- Status: Defunct
- Genre: Conference
- Date: 2014
- Frequency: Annually
- Venue: Shenzhen Convention and Exhibition Center
- Location: Shenzhen
- Country: China
- Founder: Shenzhen Municipal People's Government
- Most recent: 2017

= Shenzhen International BT Leadership Summit =

Shenzhen International BioTech Leadership Summit (深圳国际BT领袖峰会 (深圳國際BT領袖峰會)) was a Chinese biotech business conference that was held each year in September and ran between 2014 and 2017. It was arranged by the Shenzhen Municipal People's Government and was held at the Shenzhen Convention and Exhibition Center.

The Shenzhen government development emphasizes biology and the life science industry as an important element of economic guidance and industrial restructuring.
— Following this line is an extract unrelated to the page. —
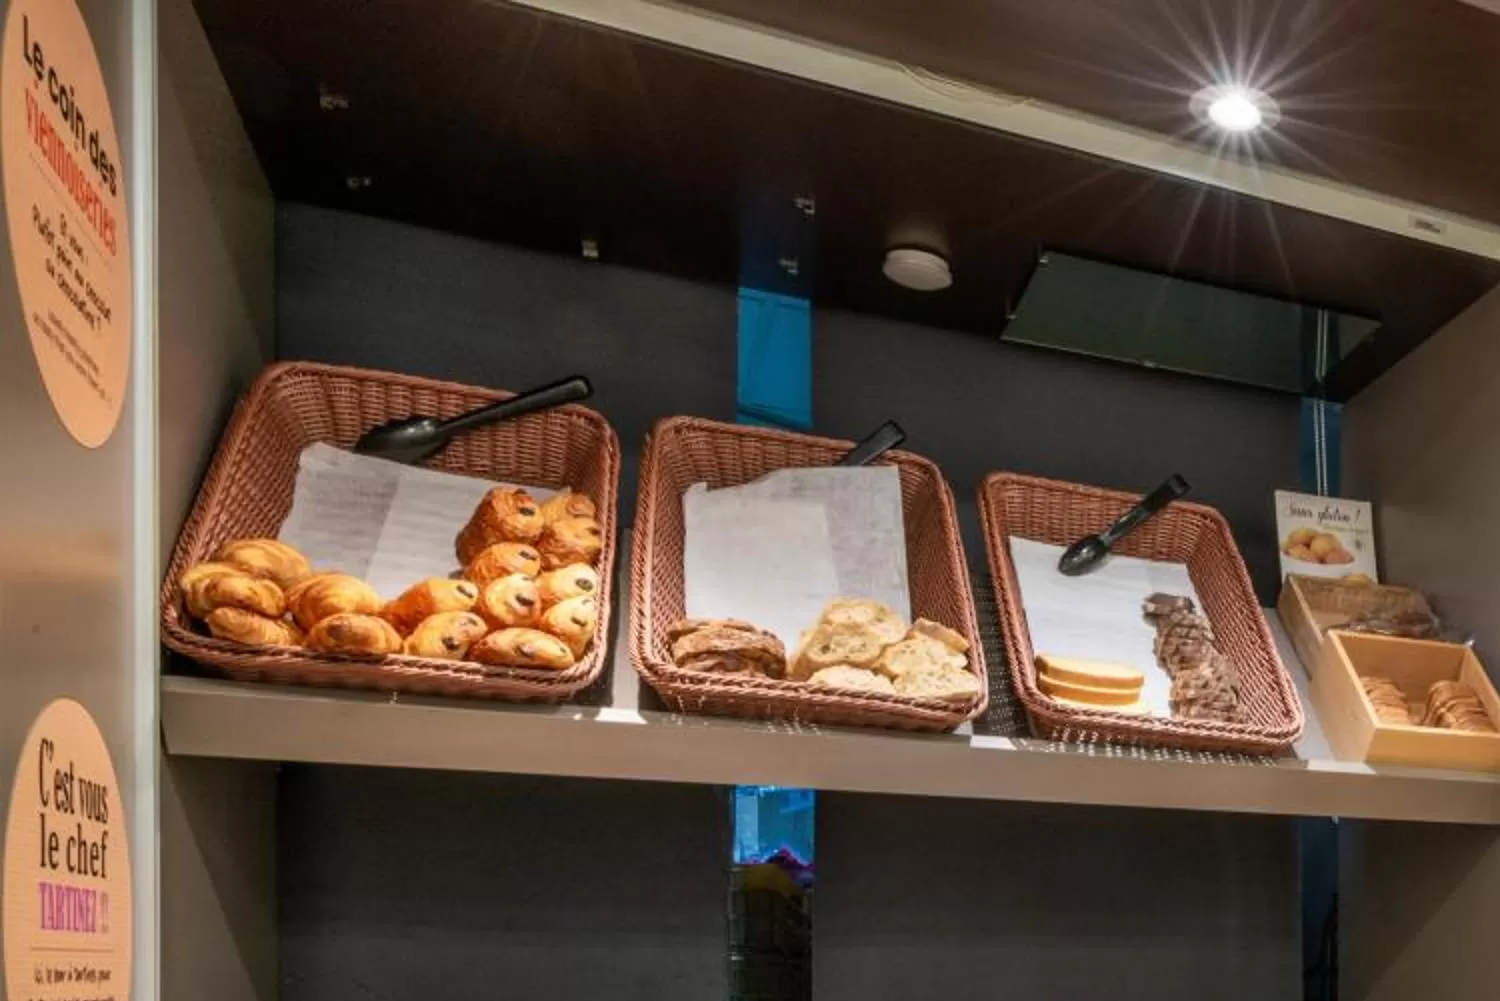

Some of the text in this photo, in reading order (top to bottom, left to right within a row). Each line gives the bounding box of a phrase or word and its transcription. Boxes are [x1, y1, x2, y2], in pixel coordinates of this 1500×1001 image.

The government issued an industrial development plan for biology and life science industry to give strong support for policies, funds, projects and talents.

== Structure ==
The Summit was composed of three parts: speeches, dialogue and a professional forum. Under the aim of "Committed to accelerating the integration and development of global biological resources, science and technology, industry, capital", the summit calls on experts, scholars and entrepreneurs at home and abroad to discuss new models, explore new directions and build a new environment around issues, technology trends, industry information and policy in the development of biology and life science technology and industry.

== Previous summits ==
=== 2017 ===
The Summit was held 21–23 September 2017. Its theme was to develop wisdom and great health, build the new engine of industry. It was supported by the Ministry of science and technology, China Biotechnology Development Center, China Medicinal Biotechnology Association and the China Quality Association for Pharmaceuticals. The sponsors were Shenzhen Development and Reform Commission and Shenzhen Science and Technology Innovation Committee.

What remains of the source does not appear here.